▸ **SUPPLIED RECORDS**
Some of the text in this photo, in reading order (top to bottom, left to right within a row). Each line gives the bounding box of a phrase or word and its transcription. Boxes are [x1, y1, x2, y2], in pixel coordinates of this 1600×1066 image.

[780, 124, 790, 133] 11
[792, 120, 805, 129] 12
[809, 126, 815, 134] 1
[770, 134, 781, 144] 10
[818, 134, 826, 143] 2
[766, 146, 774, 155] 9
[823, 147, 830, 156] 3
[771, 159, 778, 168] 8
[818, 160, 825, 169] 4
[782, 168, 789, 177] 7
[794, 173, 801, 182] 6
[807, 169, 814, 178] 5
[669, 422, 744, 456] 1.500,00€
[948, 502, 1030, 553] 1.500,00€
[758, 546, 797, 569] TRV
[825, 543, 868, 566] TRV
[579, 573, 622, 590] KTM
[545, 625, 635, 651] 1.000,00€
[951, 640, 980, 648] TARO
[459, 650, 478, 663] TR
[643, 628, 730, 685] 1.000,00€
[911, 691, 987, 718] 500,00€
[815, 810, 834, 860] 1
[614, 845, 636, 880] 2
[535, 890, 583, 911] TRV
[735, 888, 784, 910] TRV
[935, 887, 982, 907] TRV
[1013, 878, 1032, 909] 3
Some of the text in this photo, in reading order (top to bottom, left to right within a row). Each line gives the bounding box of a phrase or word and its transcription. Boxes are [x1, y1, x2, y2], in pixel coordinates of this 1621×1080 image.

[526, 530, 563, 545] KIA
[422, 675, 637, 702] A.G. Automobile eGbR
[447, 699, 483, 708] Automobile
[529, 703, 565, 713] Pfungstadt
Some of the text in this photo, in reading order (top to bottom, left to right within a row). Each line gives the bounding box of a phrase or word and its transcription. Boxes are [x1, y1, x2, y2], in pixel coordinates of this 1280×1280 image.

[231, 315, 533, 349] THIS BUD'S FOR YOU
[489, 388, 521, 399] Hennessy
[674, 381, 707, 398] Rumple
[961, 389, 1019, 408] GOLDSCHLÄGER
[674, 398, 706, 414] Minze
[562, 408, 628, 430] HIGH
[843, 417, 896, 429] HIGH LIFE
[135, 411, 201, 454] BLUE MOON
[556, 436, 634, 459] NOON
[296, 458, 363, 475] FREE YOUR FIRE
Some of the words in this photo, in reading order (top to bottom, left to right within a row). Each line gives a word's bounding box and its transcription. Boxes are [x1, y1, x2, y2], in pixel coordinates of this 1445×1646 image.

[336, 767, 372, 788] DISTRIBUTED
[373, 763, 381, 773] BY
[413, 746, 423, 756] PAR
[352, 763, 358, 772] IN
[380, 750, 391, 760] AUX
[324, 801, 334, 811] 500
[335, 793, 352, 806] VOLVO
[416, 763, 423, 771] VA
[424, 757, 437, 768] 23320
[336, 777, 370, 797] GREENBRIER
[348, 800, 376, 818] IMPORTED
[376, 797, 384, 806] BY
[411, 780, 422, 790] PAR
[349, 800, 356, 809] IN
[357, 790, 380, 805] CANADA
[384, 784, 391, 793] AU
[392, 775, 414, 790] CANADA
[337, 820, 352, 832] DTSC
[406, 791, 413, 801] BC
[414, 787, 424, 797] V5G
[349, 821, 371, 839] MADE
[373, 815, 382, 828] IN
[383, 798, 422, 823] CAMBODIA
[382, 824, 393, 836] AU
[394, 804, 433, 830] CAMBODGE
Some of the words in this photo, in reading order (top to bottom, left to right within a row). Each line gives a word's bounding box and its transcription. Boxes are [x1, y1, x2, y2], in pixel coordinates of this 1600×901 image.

▸ **WORK INSTRUCTIONS**
Starting with the line that holds "this 1280×1280 image.", copy each remaining line of the listing above exactly, through the last one.

▸ **SOLUTION TO THIS PROBLEM**
Some of the text in this photo, in reading order (top to bottom, left to right within a row). Each line gives the bounding box of a phrase or word and its transcription. Boxes are [x1, y1, x2, y2], in pixel coordinates of this 1280×1280 image.

[231, 315, 533, 349] THIS BUD'S FOR YOU
[489, 388, 521, 399] Hennessy
[674, 381, 707, 398] Rumple
[961, 389, 1019, 408] GOLDSCHLÄGER
[674, 398, 706, 414] Minze
[562, 408, 628, 430] HIGH
[843, 417, 896, 429] HIGH LIFE
[135, 411, 201, 454] BLUE MOON
[556, 436, 634, 459] NOON
[296, 458, 363, 475] FREE YOUR FIRE
Some of the words in this photo, in reading order (top to bottom, left to right within a row). Each line gives a word's bounding box and its transcription. Boxes are [x1, y1, x2, y2], in pixel coordinates of this 1445×1646 image.

[336, 767, 372, 788] DISTRIBUTED
[373, 763, 381, 773] BY
[413, 746, 423, 756] PAR
[352, 763, 358, 772] IN
[380, 750, 391, 760] AUX
[324, 801, 334, 811] 500
[335, 793, 352, 806] VOLVO
[416, 763, 423, 771] VA
[424, 757, 437, 768] 23320
[336, 777, 370, 797] GREENBRIER
[348, 800, 376, 818] IMPORTED
[376, 797, 384, 806] BY
[411, 780, 422, 790] PAR
[349, 800, 356, 809] IN
[357, 790, 380, 805] CANADA
[384, 784, 391, 793] AU
[392, 775, 414, 790] CANADA
[337, 820, 352, 832] DTSC
[406, 791, 413, 801] BC
[414, 787, 424, 797] V5G
[349, 821, 371, 839] MADE
[373, 815, 382, 828] IN
[383, 798, 422, 823] CAMBODIA
[382, 824, 393, 836] AU
[394, 804, 433, 830] CAMBODGE
Some of the words in this photo, in reading order (top to bottom, left to right within a row). Each line gives a word's bounding box and its transcription. Boxes are [x1, y1, x2, y2], in pixel coordinates of this 1600×901 image.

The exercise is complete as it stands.